(DATA begins)

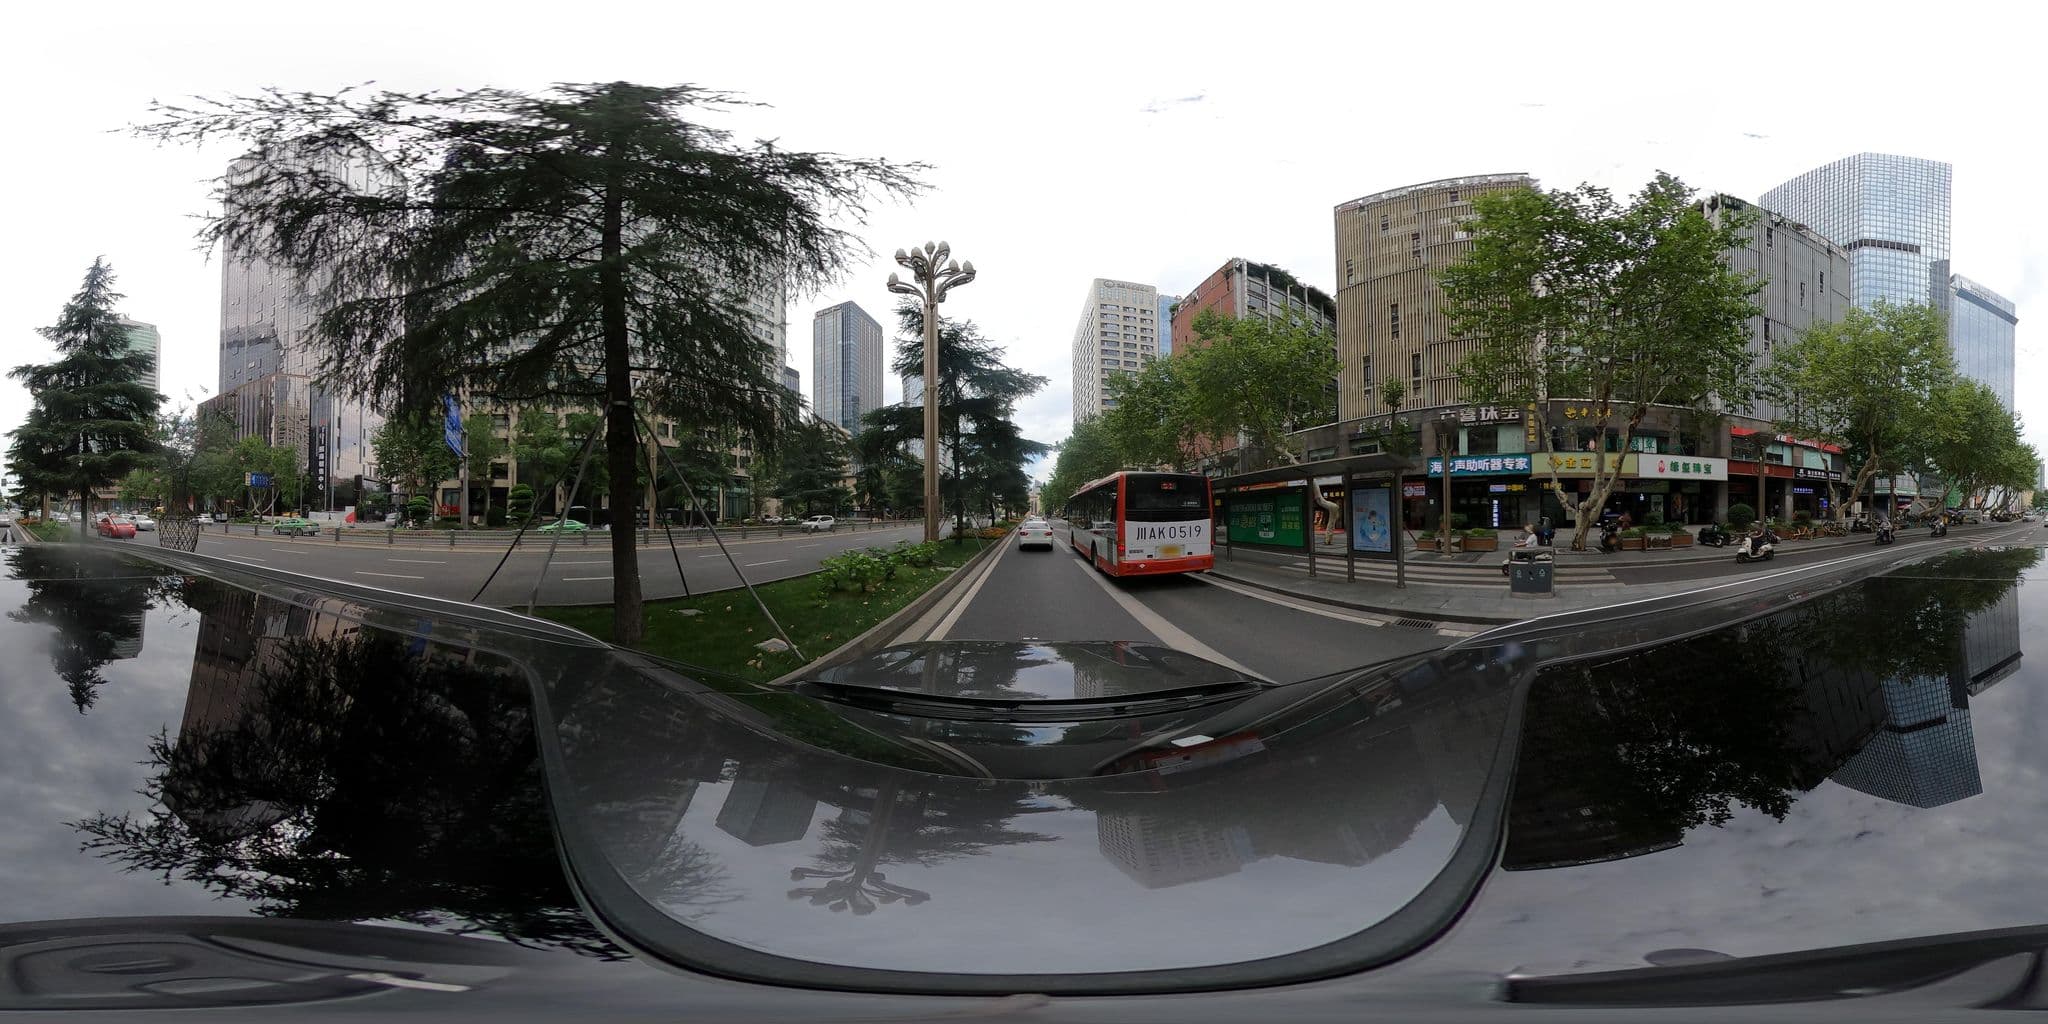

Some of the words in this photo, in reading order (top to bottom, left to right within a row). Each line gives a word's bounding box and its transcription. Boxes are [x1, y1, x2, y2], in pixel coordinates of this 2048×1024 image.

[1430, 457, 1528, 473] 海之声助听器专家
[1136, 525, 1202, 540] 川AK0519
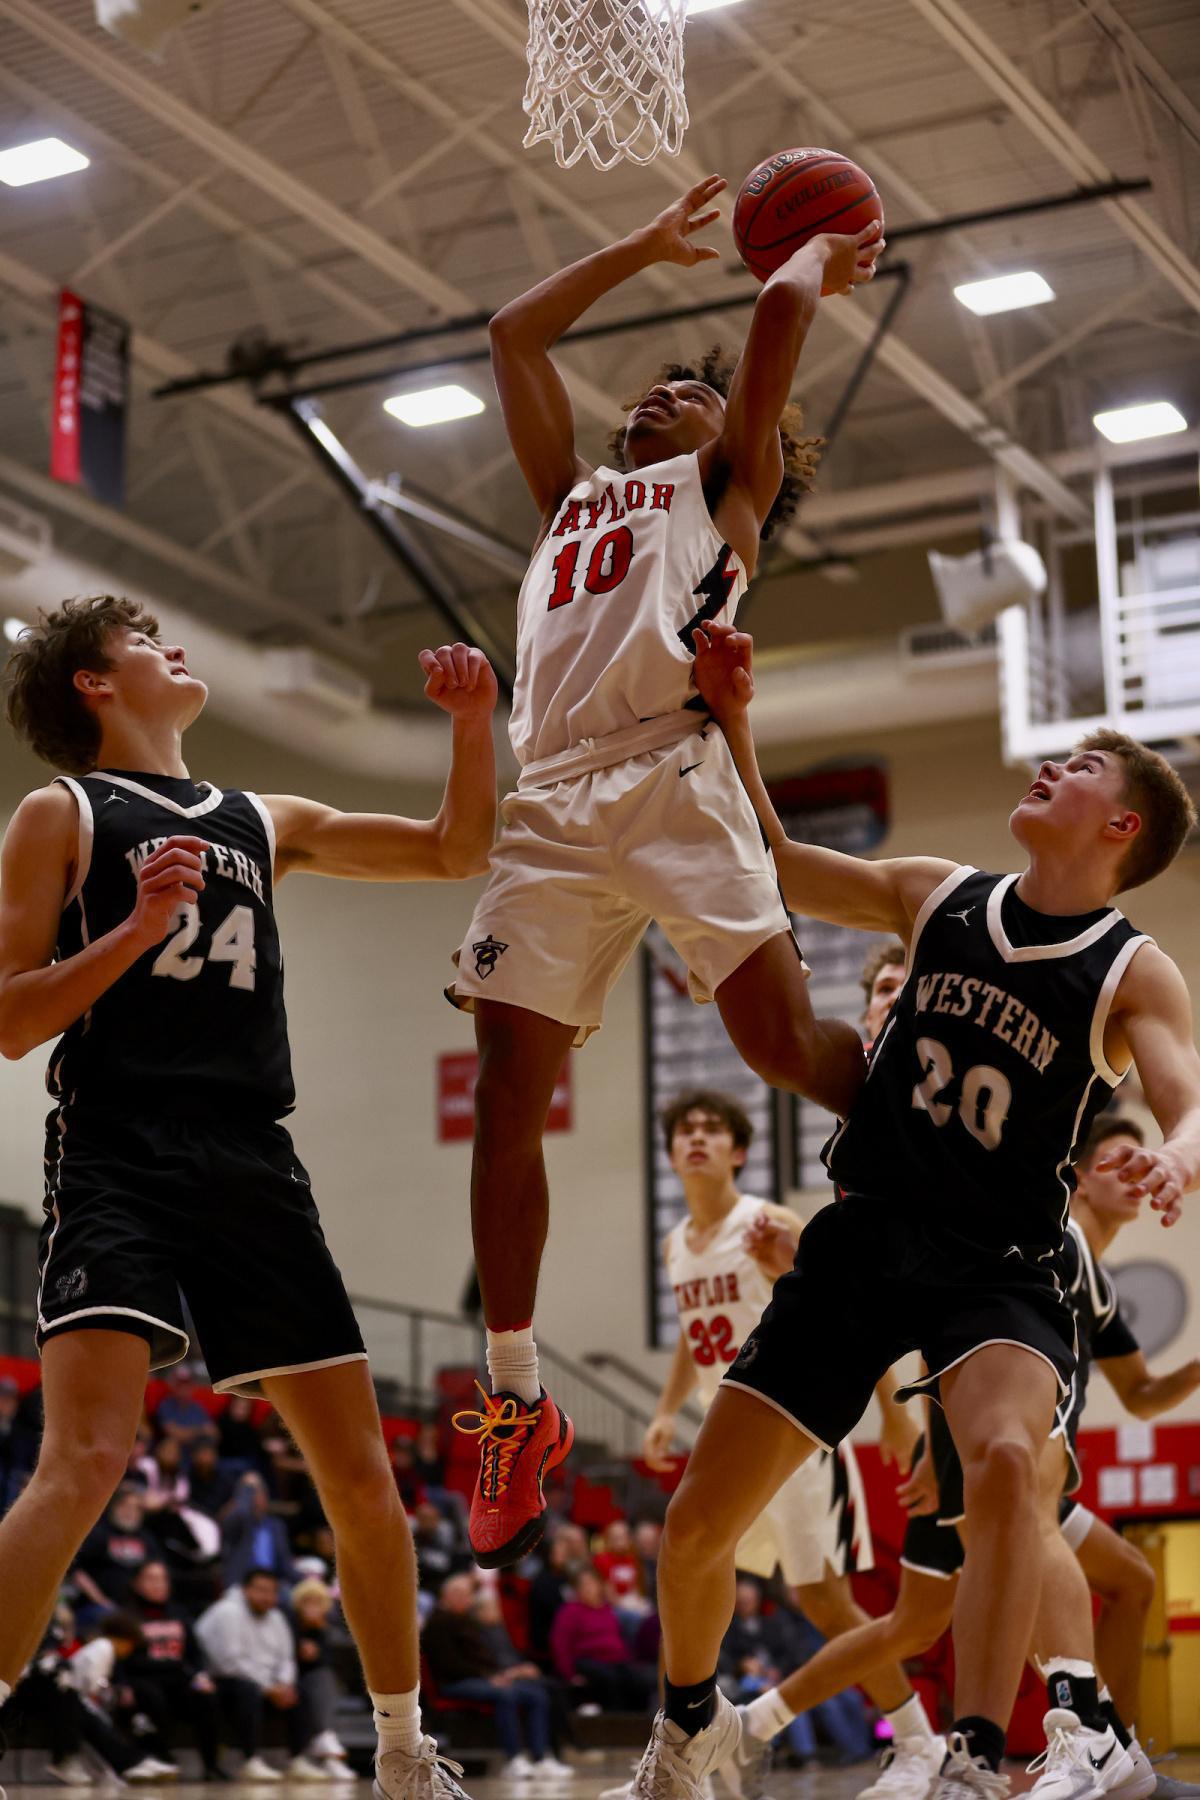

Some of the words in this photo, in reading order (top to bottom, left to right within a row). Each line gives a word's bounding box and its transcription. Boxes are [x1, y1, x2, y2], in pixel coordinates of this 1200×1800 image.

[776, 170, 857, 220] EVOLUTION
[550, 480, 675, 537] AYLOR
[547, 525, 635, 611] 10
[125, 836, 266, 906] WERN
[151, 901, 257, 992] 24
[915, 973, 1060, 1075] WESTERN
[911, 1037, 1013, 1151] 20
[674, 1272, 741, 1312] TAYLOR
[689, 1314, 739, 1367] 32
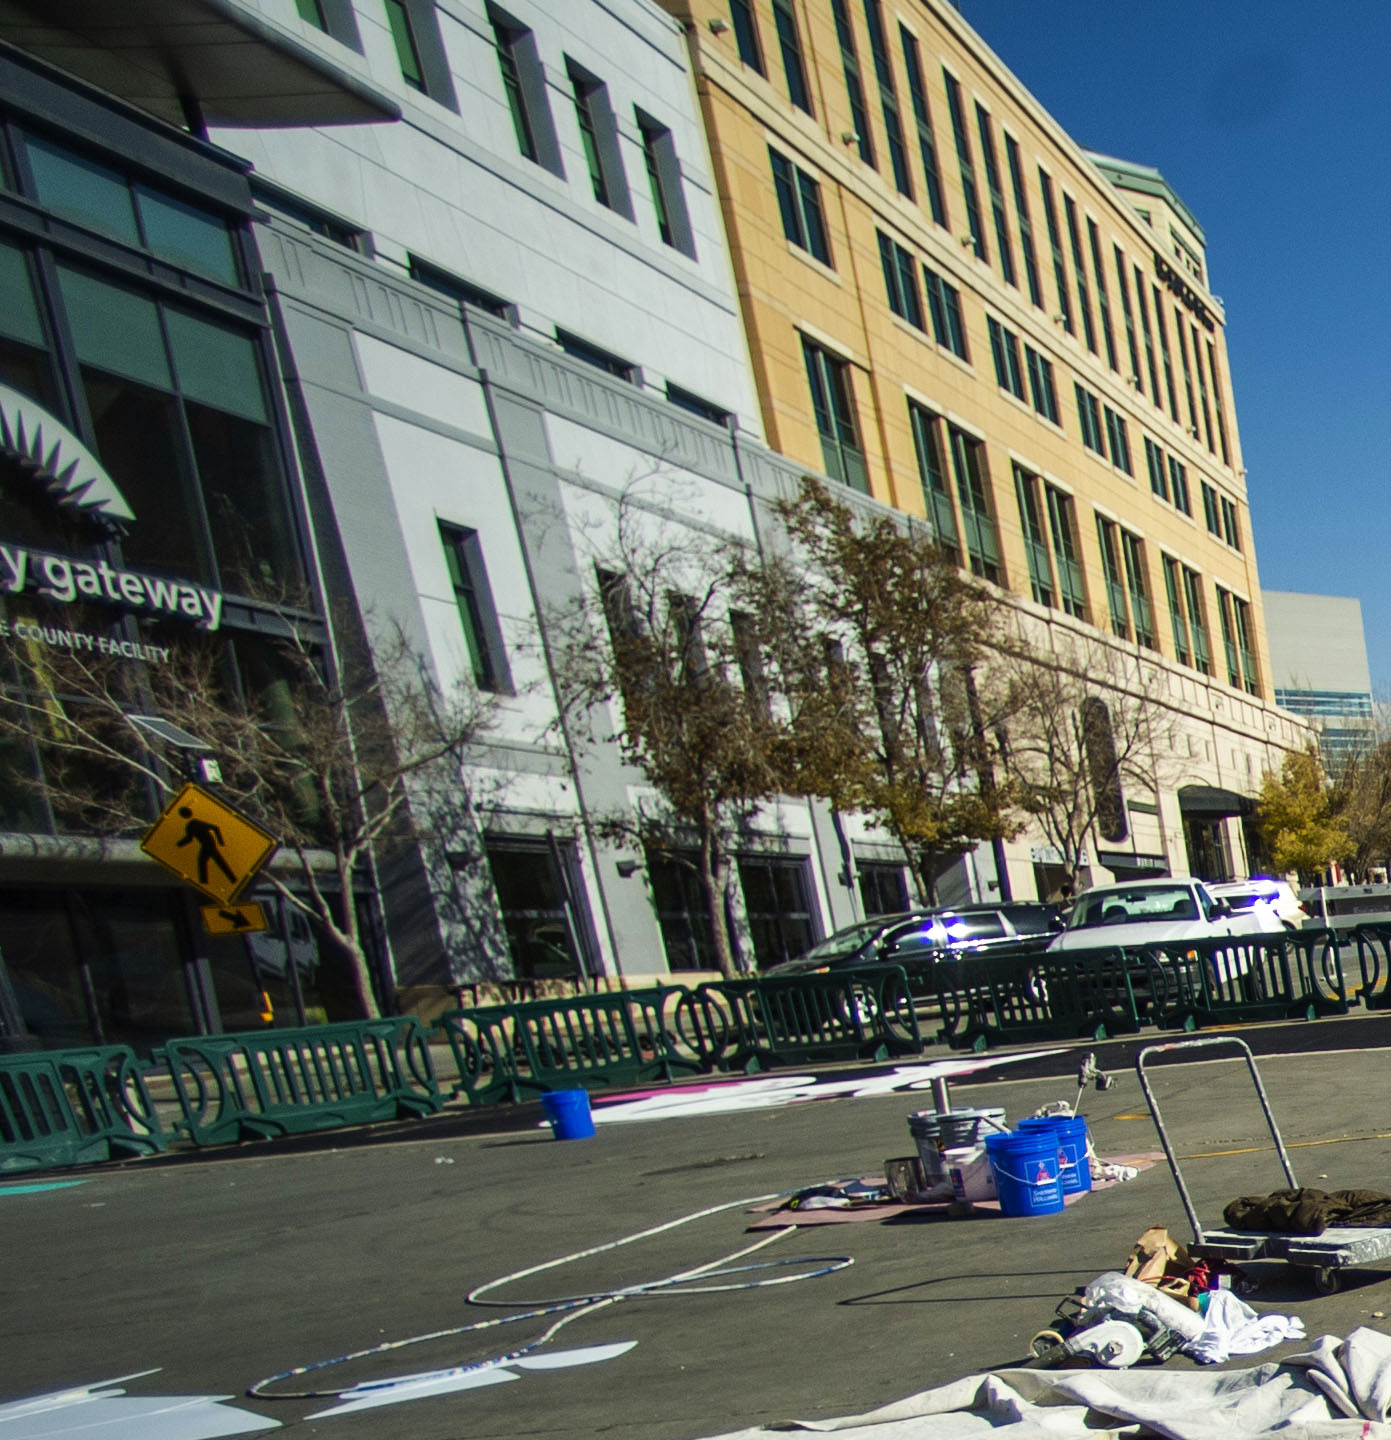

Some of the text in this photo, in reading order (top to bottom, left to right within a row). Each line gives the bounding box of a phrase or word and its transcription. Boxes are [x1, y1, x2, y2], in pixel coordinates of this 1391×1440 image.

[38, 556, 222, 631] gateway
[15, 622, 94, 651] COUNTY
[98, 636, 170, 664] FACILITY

(DATA ends)

Word for word, restate each line above, minus its pictures.

EXERCISE RESULT:
Some of the words in this photo, in reading order (top to bottom, left to right within a row). Each line gives a word's bounding box and its transcription. Boxes are [x1, y1, x2, y2], in pixel coordinates of this 2048×1024 image.

[1430, 457, 1528, 473] 海之声助听器专家
[1136, 525, 1202, 540] 川AK0519

Some of the words in this photo, in reading order (top to bottom, left to right within a row). Each line gives a word's bounding box and its transcription. Boxes are [x1, y1, x2, y2], in pixel coordinates of this 1200×1800 image.

[776, 170, 857, 220] EVOLUTION
[550, 480, 675, 537] AYLOR
[547, 525, 635, 611] 10
[125, 836, 266, 906] WERN
[151, 901, 257, 992] 24
[915, 973, 1060, 1075] WESTERN
[911, 1037, 1013, 1151] 20
[674, 1272, 741, 1312] TAYLOR
[689, 1314, 739, 1367] 32

Some of the text in this photo, in reading order (top to bottom, left to right within a row). Each line gives the bounding box of a phrase or word and its transcription. Boxes are [x1, y1, x2, y2], in pixel coordinates of this 1391×1440 image.

[38, 556, 222, 631] gateway
[15, 622, 94, 651] COUNTY
[98, 636, 170, 664] FACILITY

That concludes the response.